WORK REQUEST: Without changing a word, repeat the data, and include no pictures.

---*---

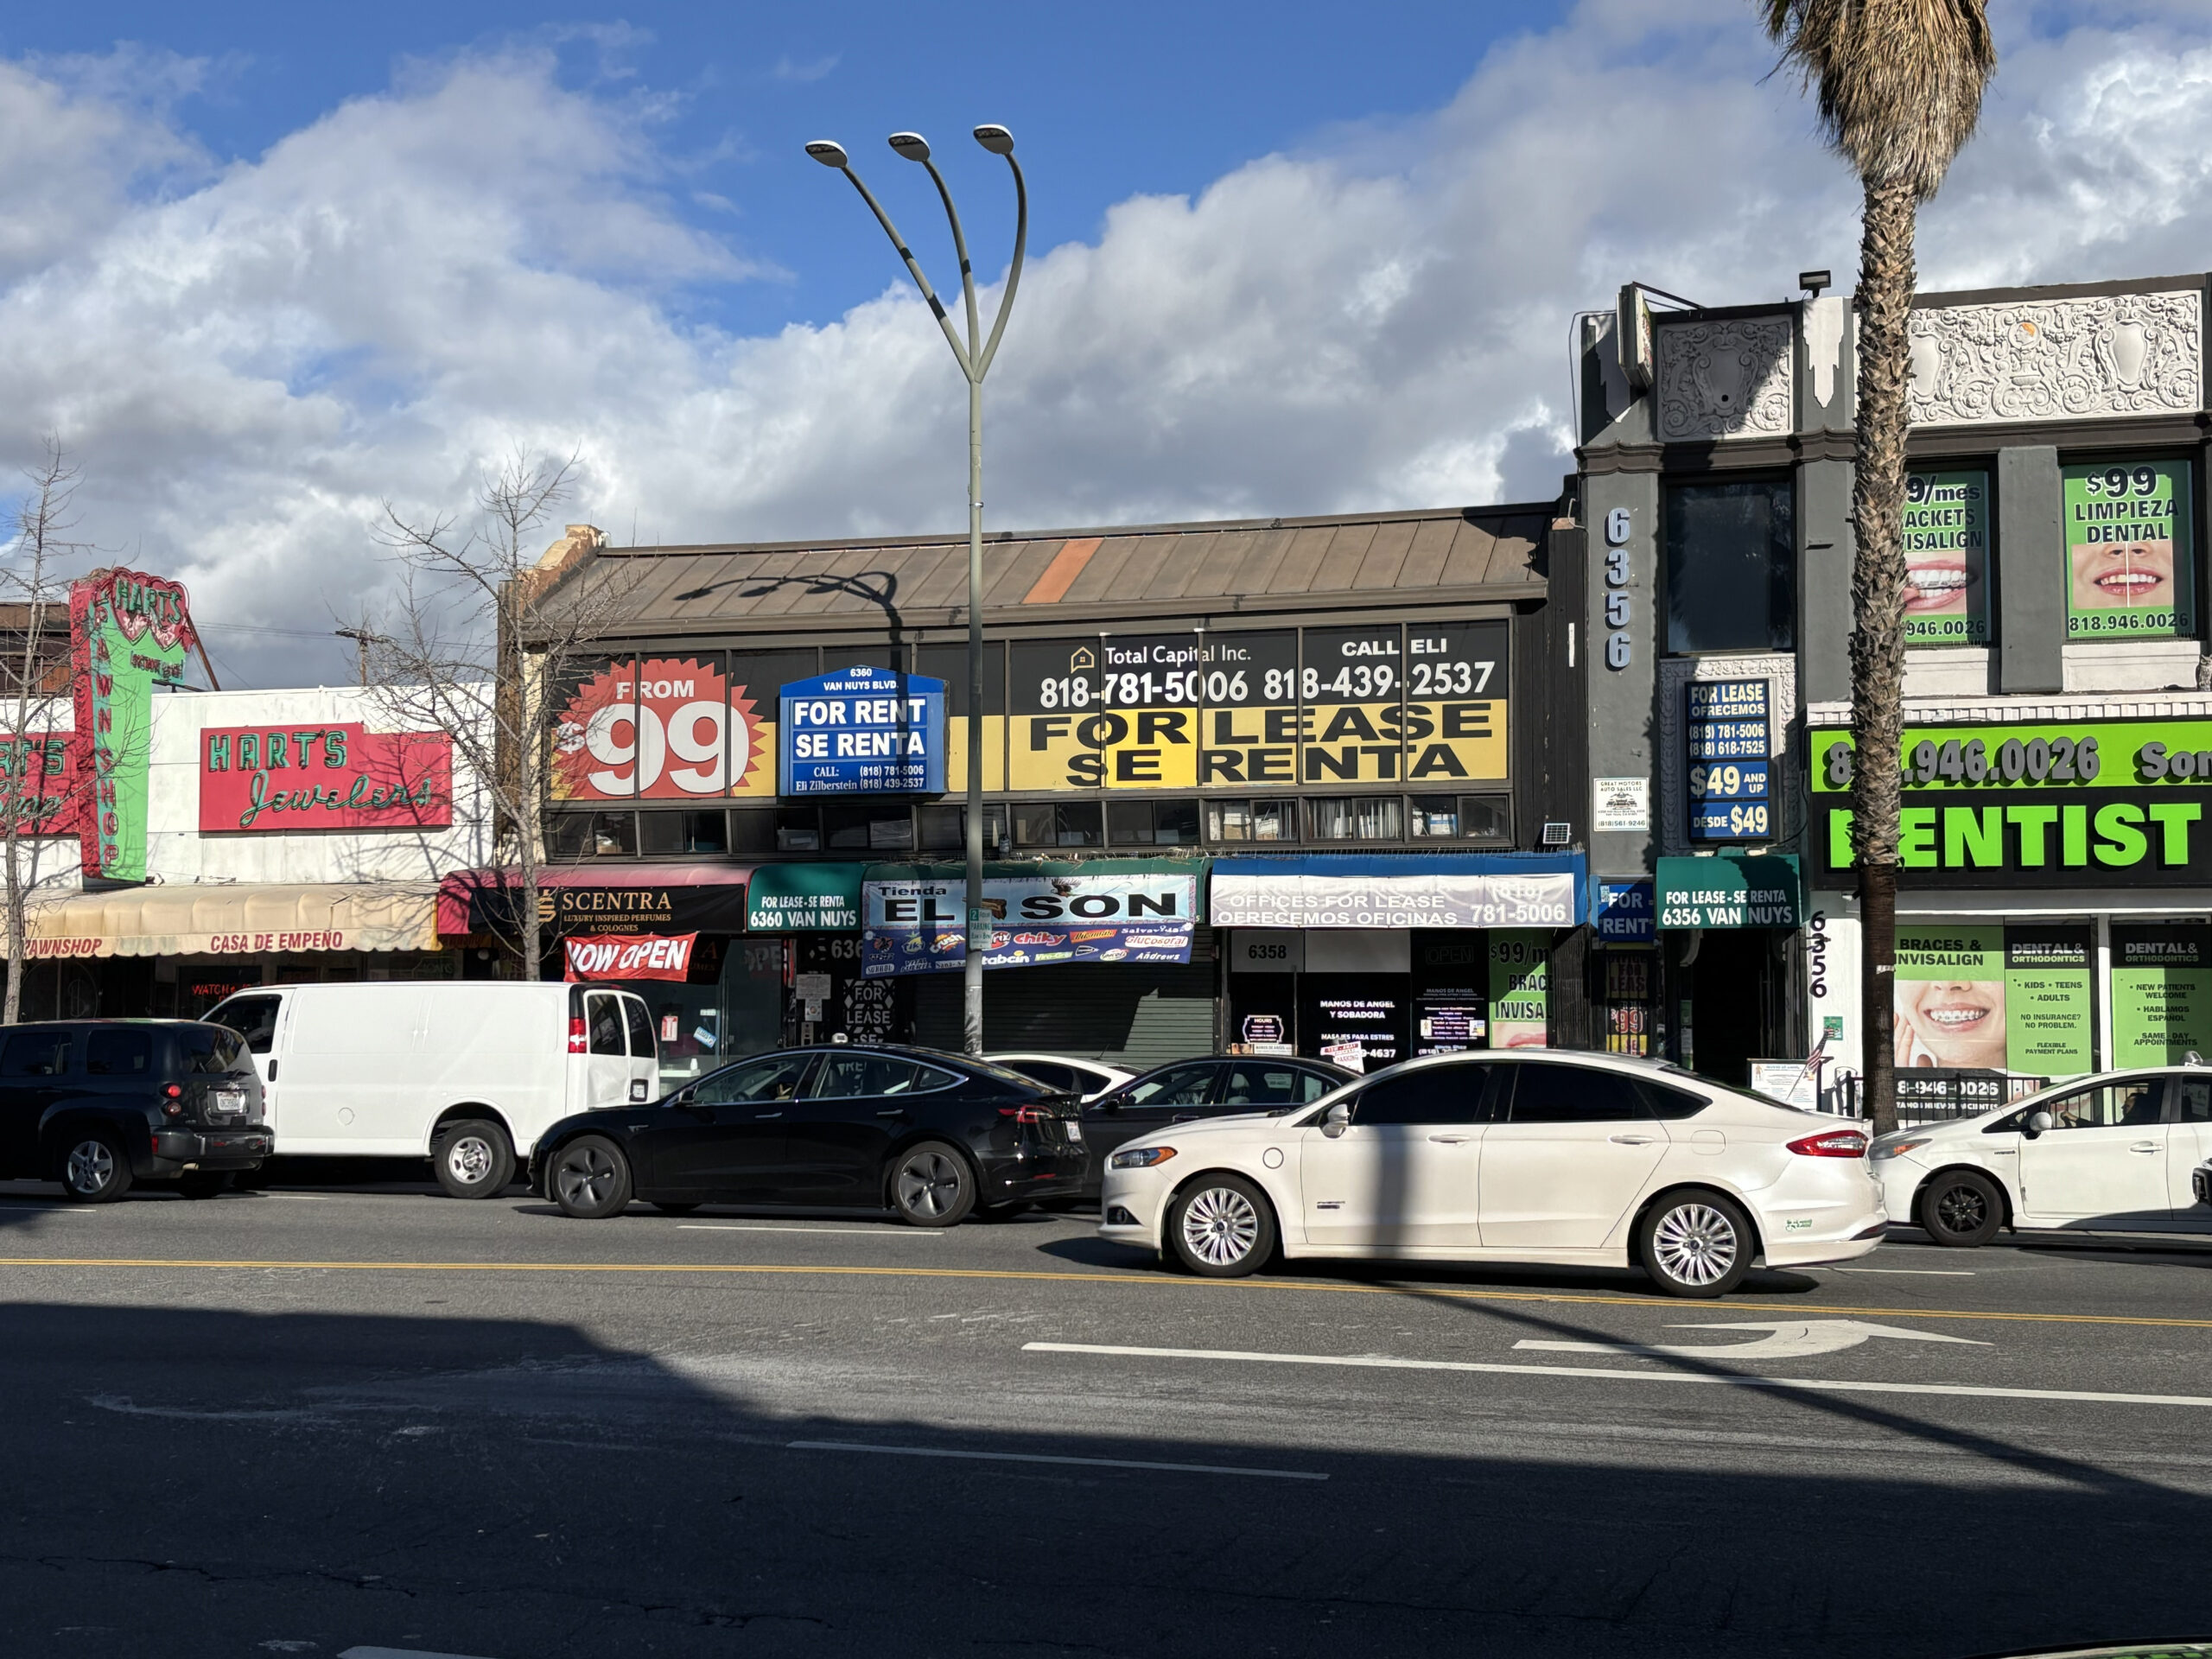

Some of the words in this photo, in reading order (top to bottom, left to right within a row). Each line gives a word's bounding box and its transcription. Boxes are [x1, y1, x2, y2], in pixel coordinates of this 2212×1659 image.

[1905, 475, 1980, 505] 9/mes
[2085, 466, 2158, 497] $99
[1904, 508, 1975, 528] ACKETS
[2075, 499, 2178, 522] LIMPIEZA
[1903, 531, 1982, 550] ISALIGN
[2086, 522, 2169, 543] DENTAL
[1606, 506, 1631, 669] 6356
[1905, 620, 1985, 637] 946.0026
[2069, 612, 2190, 632] 818.946.0026
[1105, 646, 1147, 666] Total
[1152, 645, 1215, 664] Capital
[1221, 645, 1251, 663] Inc.
[1341, 640, 1400, 657] CALL
[1410, 638, 1447, 654] ELI
[849, 668, 872, 677] 6360
[616, 680, 695, 700] FROM
[823, 682, 842, 690] VAN
[845, 681, 870, 690] NUYS
[873, 680, 899, 690] BLVD.
[1040, 670, 1248, 708] 818-781-5006
[1263, 661, 1496, 700] 818-439-2537
[1691, 685, 1718, 704] FOR
[1721, 683, 1764, 703] LEASE
[794, 700, 846, 725] FOR
[855, 699, 925, 724] RENT
[1691, 703, 1765, 717] OFRECEMOS
[1030, 710, 1192, 752] FOR
[1214, 702, 1492, 745] LEASE
[1689, 724, 1715, 738] (818)
[1718, 723, 1765, 739] 781-5006
[208, 729, 347, 772] HART'S
[556, 701, 751, 797] $99
[796, 734, 828, 758] SE
[837, 732, 925, 757] RENTA
[1689, 741, 1715, 756] (818)
[1718, 741, 1765, 755] 618-7525
[1065, 748, 1163, 787] SE
[1202, 743, 1470, 783] RENTA
[1827, 736, 2101, 785] 8.946.0026
[814, 766, 840, 777] CALL:
[860, 766, 882, 777] (818)
[884, 766, 924, 776] 781-5006
[796, 780, 807, 791] Eli
[809, 779, 857, 791] Zilberstein
[860, 779, 882, 789] (818)
[884, 778, 924, 789] 439-2537
[1690, 765, 1740, 798] $49
[1744, 773, 1766, 783] AND
[1749, 784, 1764, 793] UP
[239, 769, 431, 828] Jewelers
[1693, 816, 1728, 828] DESDE
[1730, 804, 1768, 836] $49
[562, 892, 672, 911] SCENTRA
[761, 896, 778, 908] FOR
[820, 895, 845, 907] RENTA
[878, 887, 947, 897] Tienda
[1230, 894, 1319, 908] OFFICES
[1325, 894, 1372, 908] FOR
[1375, 894, 1446, 908] LEASE
[1609, 892, 1643, 908] FOR
[1666, 891, 1688, 905] FOR
[1750, 889, 1787, 903] RENTA
[884, 898, 956, 922] EL
[1020, 893, 1177, 920] SON
[1470, 903, 1567, 924] 781-5006
[1662, 907, 1701, 926] 6356
[1706, 907, 1741, 925] VAN
[1747, 906, 1793, 924] NUYS
[750, 911, 783, 928] 6360
[788, 911, 816, 926] VAN
[821, 910, 856, 926] NUYS
[1217, 912, 1351, 925] OFRECEMOS
[1363, 912, 1458, 925] OFICINAS
[1603, 918, 1649, 934] RENT
[210, 935, 248, 951] CASA
[254, 934, 274, 950] DE
[279, 929, 343, 950] EMPEÑO
[1014, 931, 1067, 946] chiky
[1899, 938, 1964, 950] BRACES
[1969, 939, 1982, 950] &
[618, 939, 689, 970] OPEN
[831, 939, 863, 959] 636
[1248, 944, 1287, 960] 6358
[1490, 941, 1549, 967] $99/m
[1809, 910, 1827, 999] 6356
[982, 954, 1030, 965] tabcin
[2012, 955, 2085, 963] ORTHODONTICS
[1509, 974, 1554, 991] BRACE
[855, 988, 883, 1001] FOR
[846, 1011, 891, 1024] LEASE
[1495, 1001, 1553, 1019] INVISAL

---*---

TASK ANSWER:
Some of the words in this photo, in reading order (top to bottom, left to right within a row). Each line gives a word's bounding box and its transcription. Boxes are [x1, y1, x2, y2], in pixel coordinates of this 2212×1659 image.

[1905, 475, 1980, 505] 9/mes
[2085, 466, 2158, 497] $99
[1904, 508, 1975, 528] ACKETS
[2075, 499, 2178, 522] LIMPIEZA
[1903, 531, 1982, 550] ISALIGN
[2086, 522, 2169, 543] DENTAL
[1606, 506, 1631, 669] 6356
[1905, 620, 1985, 637] 946.0026
[2069, 612, 2190, 632] 818.946.0026
[1105, 646, 1147, 666] Total
[1152, 645, 1215, 664] Capital
[1221, 645, 1251, 663] Inc.
[1341, 640, 1400, 657] CALL
[1410, 638, 1447, 654] ELI
[849, 668, 872, 677] 6360
[616, 680, 695, 700] FROM
[823, 682, 842, 690] VAN
[845, 681, 870, 690] NUYS
[873, 680, 899, 690] BLVD.
[1040, 670, 1248, 708] 818-781-5006
[1263, 661, 1496, 700] 818-439-2537
[1691, 685, 1718, 704] FOR
[1721, 683, 1764, 703] LEASE
[794, 700, 846, 725] FOR
[855, 699, 925, 724] RENT
[1691, 703, 1765, 717] OFRECEMOS
[1030, 710, 1192, 752] FOR
[1214, 702, 1492, 745] LEASE
[1689, 724, 1715, 738] (818)
[1718, 723, 1765, 739] 781-5006
[208, 729, 347, 772] HART'S
[556, 701, 751, 797] $99
[796, 734, 828, 758] SE
[837, 732, 925, 757] RENTA
[1689, 741, 1715, 756] (818)
[1718, 741, 1765, 755] 618-7525
[1065, 748, 1163, 787] SE
[1202, 743, 1470, 783] RENTA
[1827, 736, 2101, 785] 8.946.0026
[814, 766, 840, 777] CALL:
[860, 766, 882, 777] (818)
[884, 766, 924, 776] 781-5006
[796, 780, 807, 791] Eli
[809, 779, 857, 791] Zilberstein
[860, 779, 882, 789] (818)
[884, 778, 924, 789] 439-2537
[1690, 765, 1740, 798] $49
[1744, 773, 1766, 783] AND
[1749, 784, 1764, 793] UP
[239, 769, 431, 828] Jewelers
[1693, 816, 1728, 828] DESDE
[1730, 804, 1768, 836] $49
[562, 892, 672, 911] SCENTRA
[761, 896, 778, 908] FOR
[820, 895, 845, 907] RENTA
[878, 887, 947, 897] Tienda
[1230, 894, 1319, 908] OFFICES
[1325, 894, 1372, 908] FOR
[1375, 894, 1446, 908] LEASE
[1609, 892, 1643, 908] FOR
[1666, 891, 1688, 905] FOR
[1750, 889, 1787, 903] RENTA
[884, 898, 956, 922] EL
[1020, 893, 1177, 920] SON
[1470, 903, 1567, 924] 781-5006
[1662, 907, 1701, 926] 6356
[1706, 907, 1741, 925] VAN
[1747, 906, 1793, 924] NUYS
[750, 911, 783, 928] 6360
[788, 911, 816, 926] VAN
[821, 910, 856, 926] NUYS
[1217, 912, 1351, 925] OFRECEMOS
[1363, 912, 1458, 925] OFICINAS
[1603, 918, 1649, 934] RENT
[210, 935, 248, 951] CASA
[254, 934, 274, 950] DE
[279, 929, 343, 950] EMPEÑO
[1014, 931, 1067, 946] chiky
[1899, 938, 1964, 950] BRACES
[1969, 939, 1982, 950] &
[618, 939, 689, 970] OPEN
[831, 939, 863, 959] 636
[1248, 944, 1287, 960] 6358
[1490, 941, 1549, 967] $99/m
[1809, 910, 1827, 999] 6356
[982, 954, 1030, 965] tabcin
[2012, 955, 2085, 963] ORTHODONTICS
[1509, 974, 1554, 991] BRACE
[855, 988, 883, 1001] FOR
[846, 1011, 891, 1024] LEASE
[1495, 1001, 1553, 1019] INVISAL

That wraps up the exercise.